O risco e a intervenção
Alguns passos, com o manejo interdisciplinar da rede de proteção local, com objetivo de melhorar a situação sem a remoção do indivíduo do local de moradia, como a avaliação dos riscos, avaliação da capacidade civil, a investigação dos vínculos familiares e sociais são as abordagens mais eficientes em prol da preservação da identidade, da dignidade e do bem-estar. Como medida de exceção sempre, a institucionalização poderá ser um meio único de intervenção para a cessação do risco.
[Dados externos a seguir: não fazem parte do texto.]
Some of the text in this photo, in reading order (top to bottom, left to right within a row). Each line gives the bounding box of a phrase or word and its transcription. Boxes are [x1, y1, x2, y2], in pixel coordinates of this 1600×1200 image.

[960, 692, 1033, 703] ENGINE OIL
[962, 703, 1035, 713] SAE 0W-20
A complexidade de etapas, olhares e fluxos é condição para o fechamento do diagnóstico intersetorial. Somente as conclusões técnicas integradas sobre a presença de risco permitirão interferências eficientes. A aproximação de um ou alguns técnicos para ganho de confiança terá permissões paulatinas às intervenções cabíveis. Ações pontuais e paliativas de um ou alguns órgãos, normalmente com fundamento sanitário, não só não resolverão o problema como poderão agravar a situação. Ações como a limpeza compulsória do imóvel, com a retirada de objetos e animais, podem causar intensa angústia e sofrimento psíquicos atrelados à grande dificuldade de desvinculação dos objetos ou animais. A estratégia de redução de danos é a mais indicada, quando voltadas à redução dos objetos/bens acumulados e a melhor organização do ambiente. A escuta, estimulação à expressão da vontade e orientação às escolhas possíveis devem ser vetores em todas as ações.
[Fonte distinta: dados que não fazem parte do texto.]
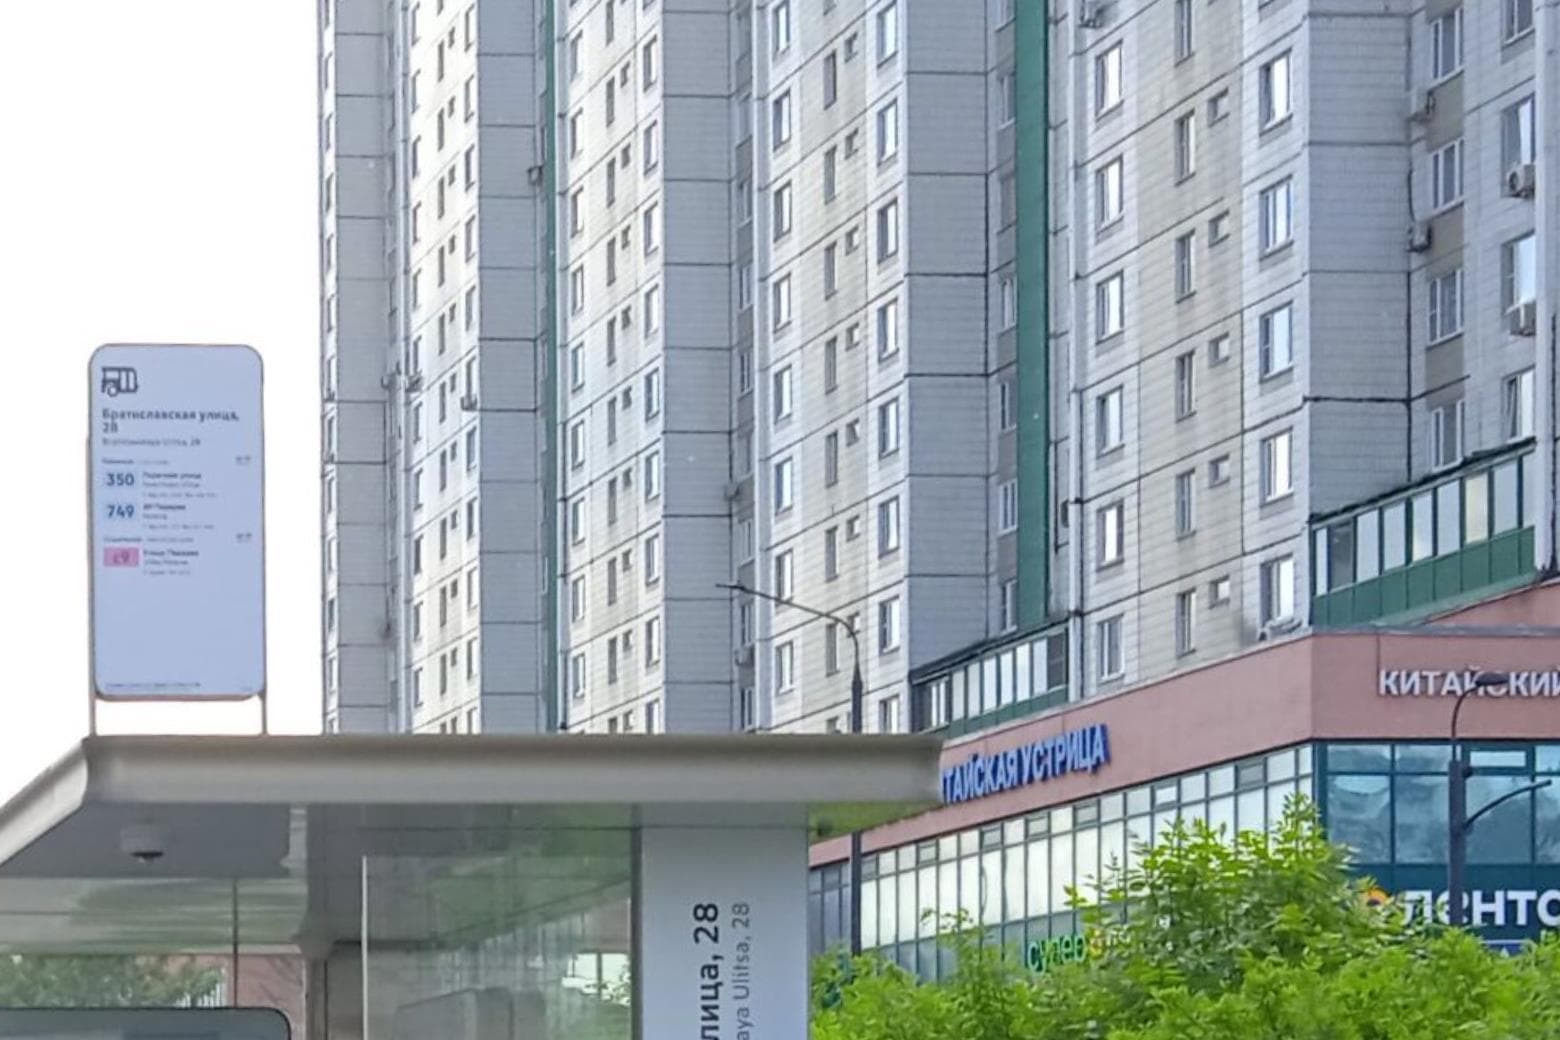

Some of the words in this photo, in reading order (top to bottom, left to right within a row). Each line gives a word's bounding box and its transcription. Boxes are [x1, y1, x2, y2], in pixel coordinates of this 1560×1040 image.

[106, 473, 135, 487] 350
[107, 504, 135, 518] 749
[1020, 724, 1111, 785] УСТРИЦА
[693, 902, 719, 945] 28
[732, 902, 751, 932] 28
[732, 936, 754, 1000] Ulitsa,
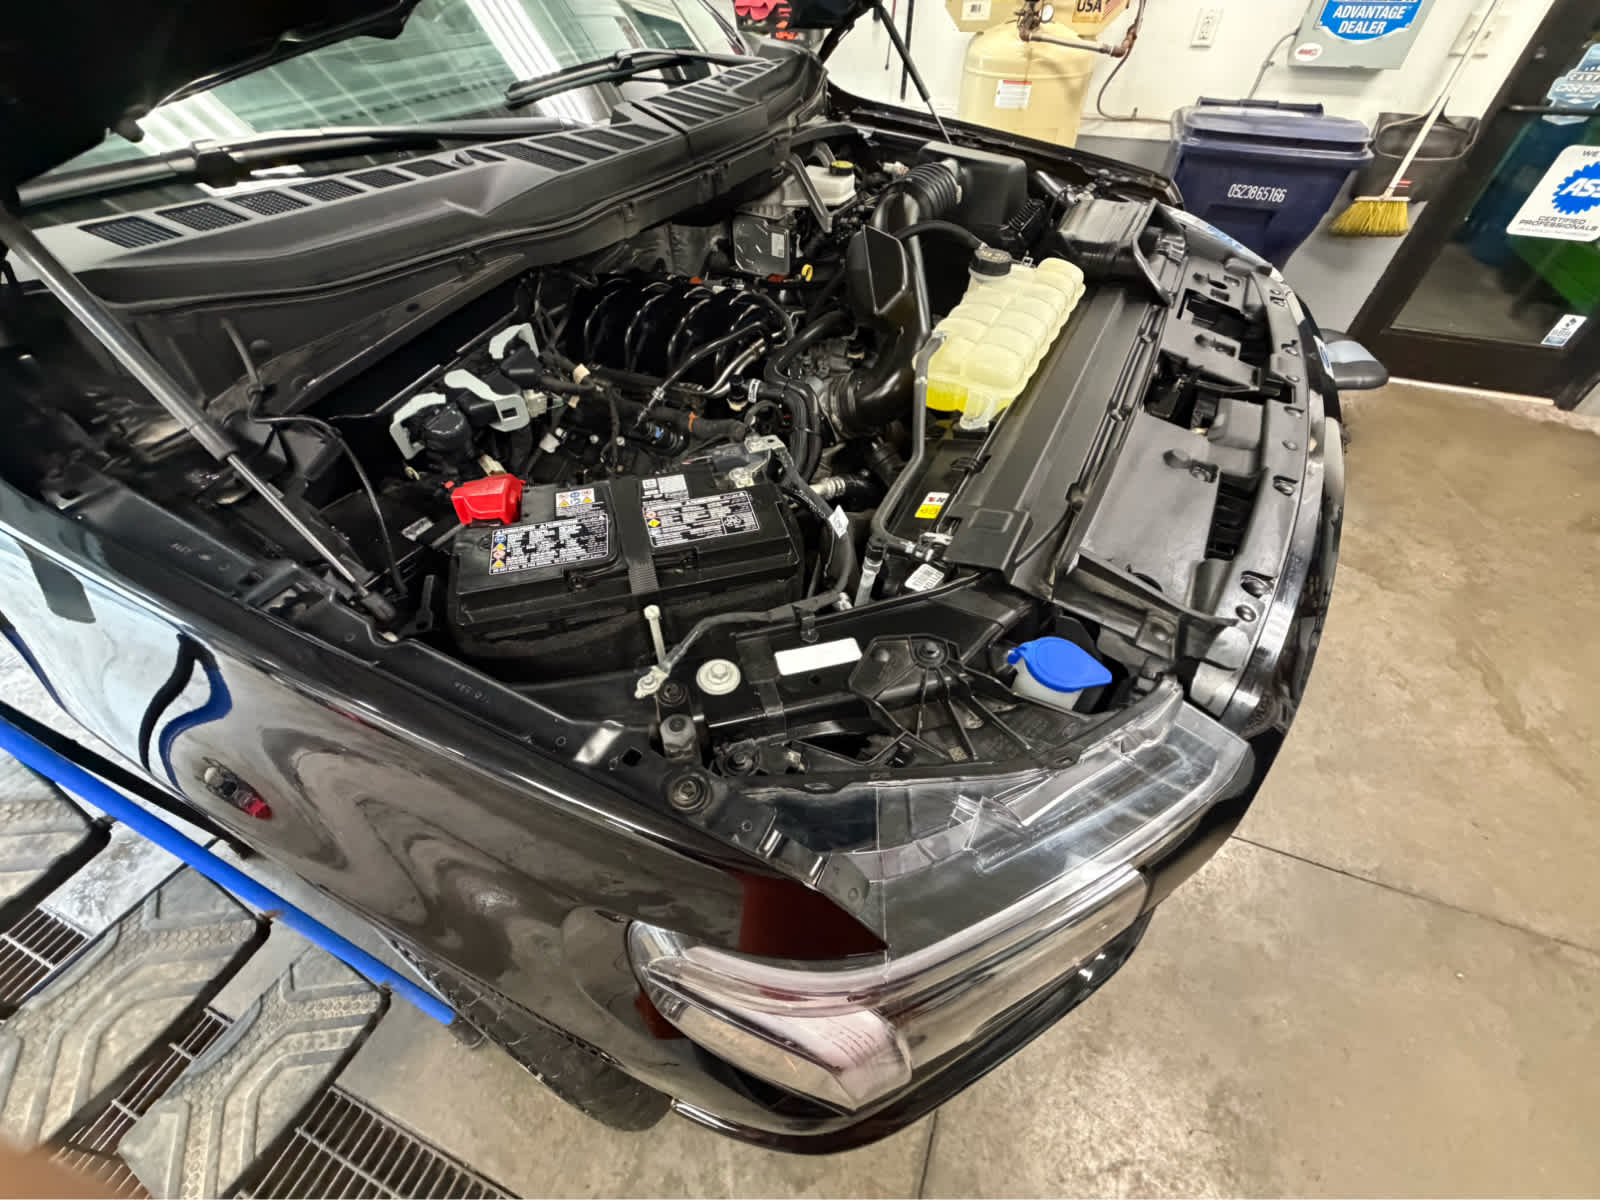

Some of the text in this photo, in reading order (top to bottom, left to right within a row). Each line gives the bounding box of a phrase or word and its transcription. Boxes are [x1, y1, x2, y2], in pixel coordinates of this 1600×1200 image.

[1077, 0, 1102, 13] USA
[1332, 5, 1407, 19] ADVANTAGE
[1338, 21, 1387, 34] DEALER
A abordagem comportamental e cognitiva permitirá também adoção de medidas de prevenção e proteção de saúde pública e, ao mesmo tempo, visará ao bem-estar físico, mental e social da pessoa.
Um diagnóstico abrangente contará com a identificação e participação da família e do entorno social (vizinhos e conhecidos com certa vinculação de confiança ou afetiva), além de permitir a constatação de eventual situação de negligência pela família, violência financeira, etc. A abordagem psicossocial (indivíduo/familiares) terá finalidade de trazer ao reconhecimento, os riscos à saúde pelo comportamento de acumulação.
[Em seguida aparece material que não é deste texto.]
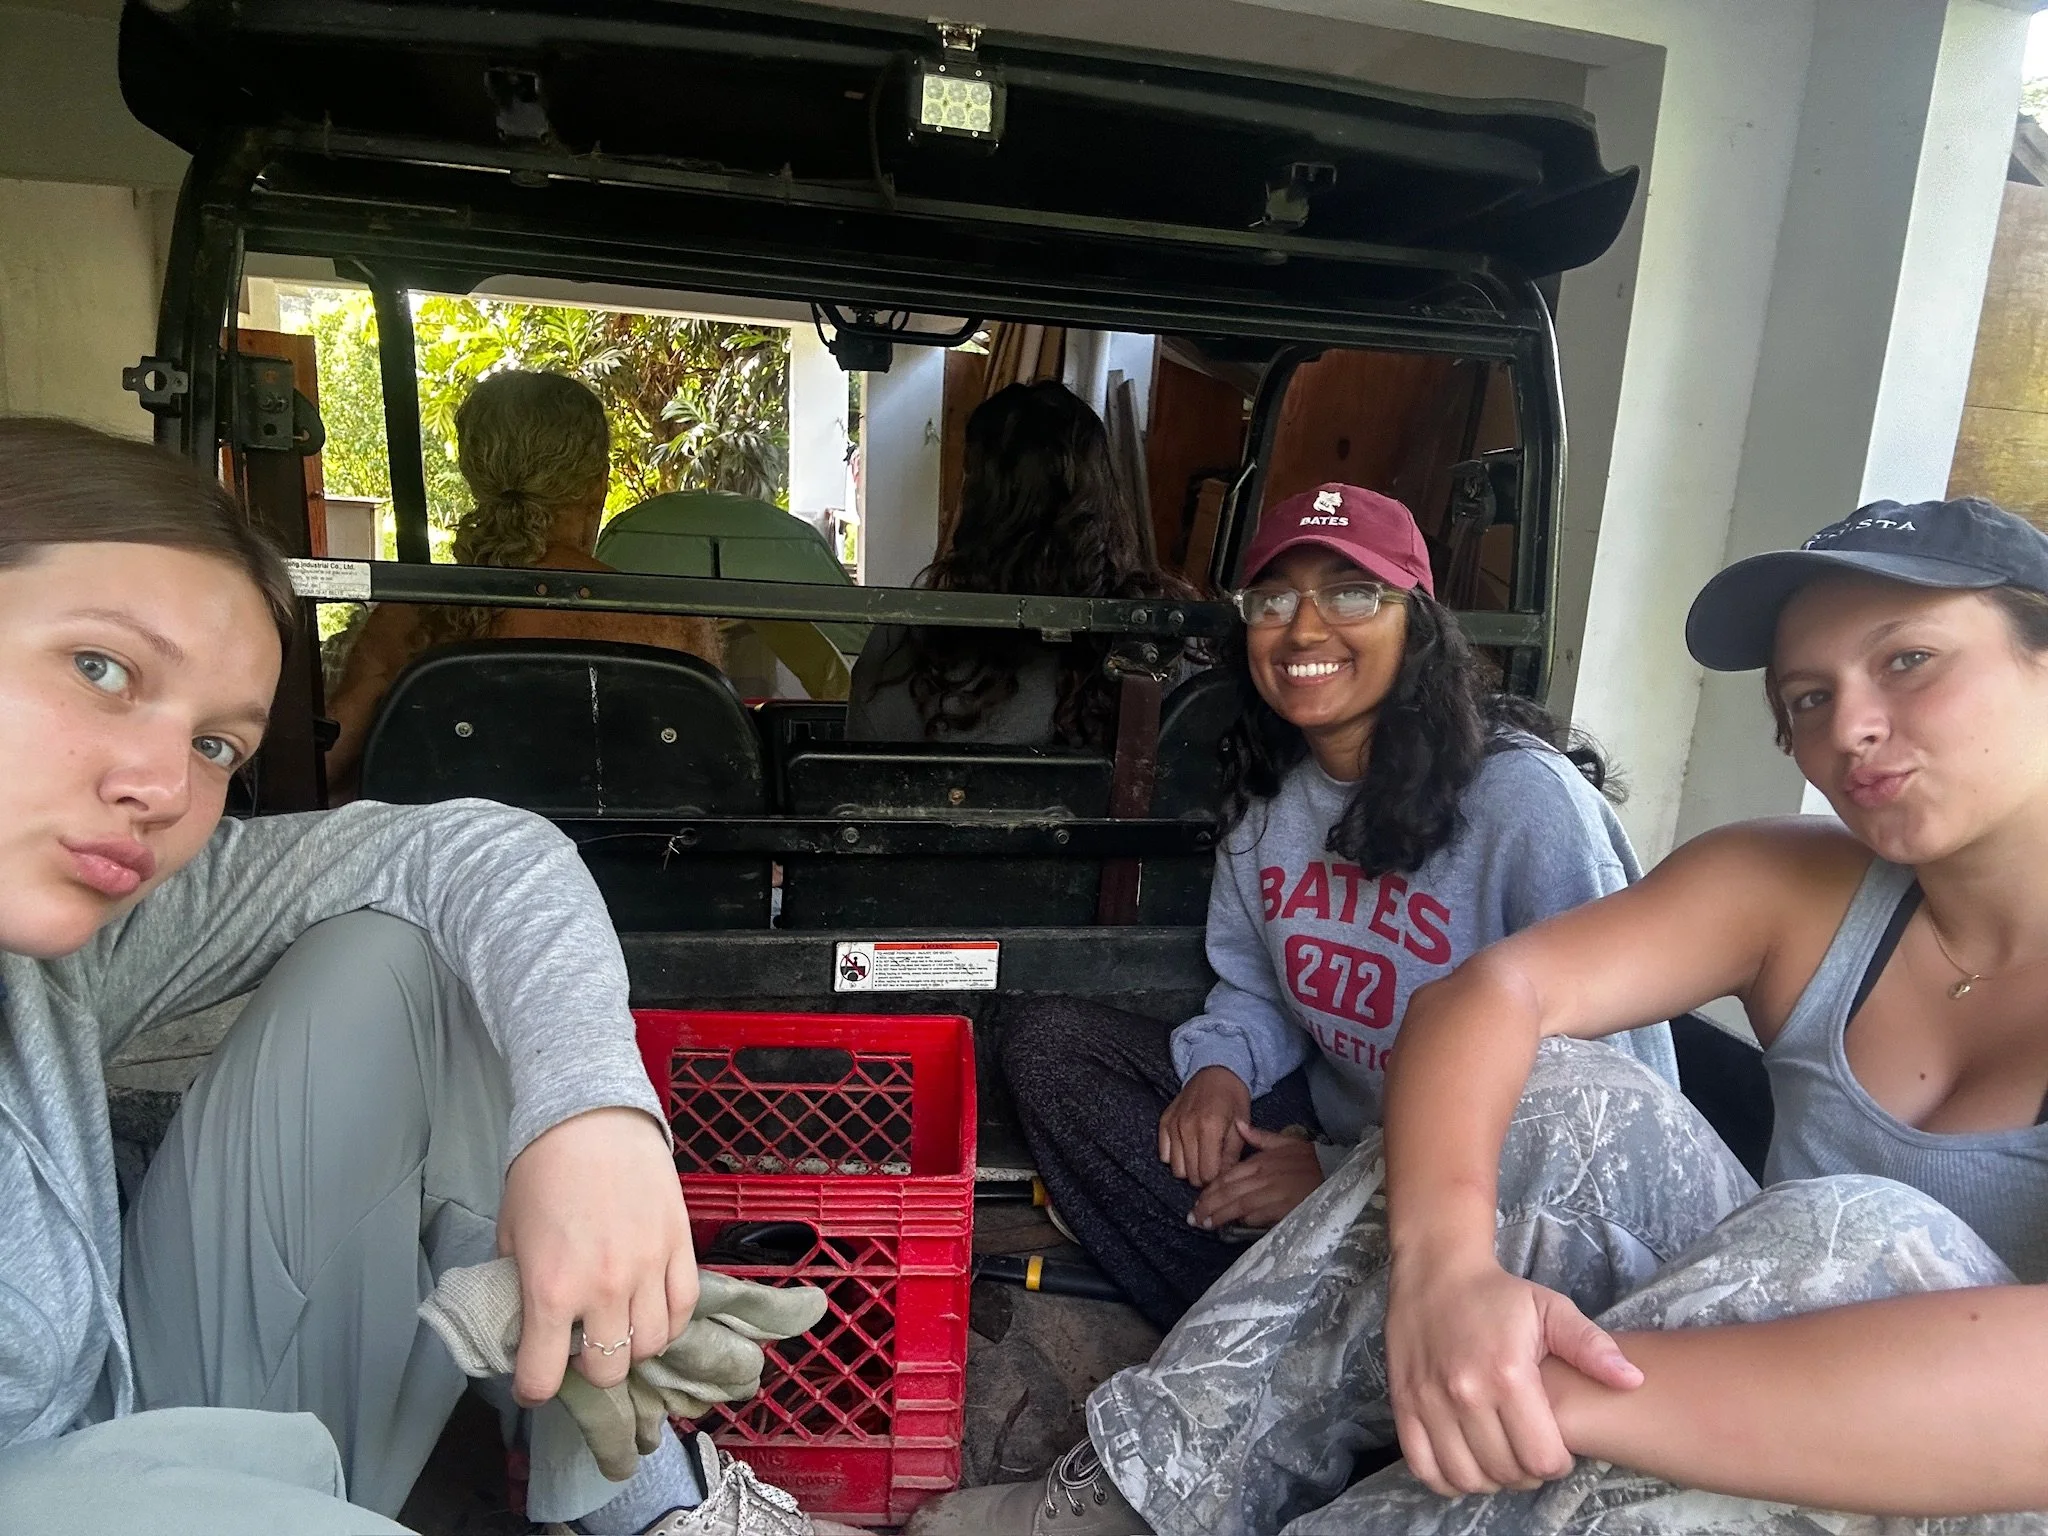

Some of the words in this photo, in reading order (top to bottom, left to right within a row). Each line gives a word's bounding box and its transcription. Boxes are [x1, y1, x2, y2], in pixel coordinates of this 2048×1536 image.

[1299, 516, 1348, 526] BATES
[1259, 861, 1452, 965] BATES
[1297, 944, 1382, 1020] 272
O grande desafio é a atuação concentrada e integrada dos vários órgãos na territorialidade, alguns, como os da área de saúde e da assistência social, com histórica resistência no alinhamento.
A partir da integração de vários saberes frente ao caso, e havendo constatação de situação autorizadora de intervenção estatal, será possível a construção de um projeto terapêutico singular, com ideal de gestão compartilhada entre os órgãos envolvidos. Os resultados infelizmente não são imediatos, desafiando a urgência muitas vezes esperada por vizinhos e familiares.
O caminho possível
A construção de processos de trabalho articulados só tem sentido local. As características do sistema de garantias existentes no Município é fator que deverá ser considerado para compor a integração necessária. A identificação de um caso concreto bastará para ocupar o status de paradigma. Do particular para o geral, a construção de fluxos intersetoriais permitirá a ampliação dos encaminhamentos coordenados para servir de base às demais situações de risco individual.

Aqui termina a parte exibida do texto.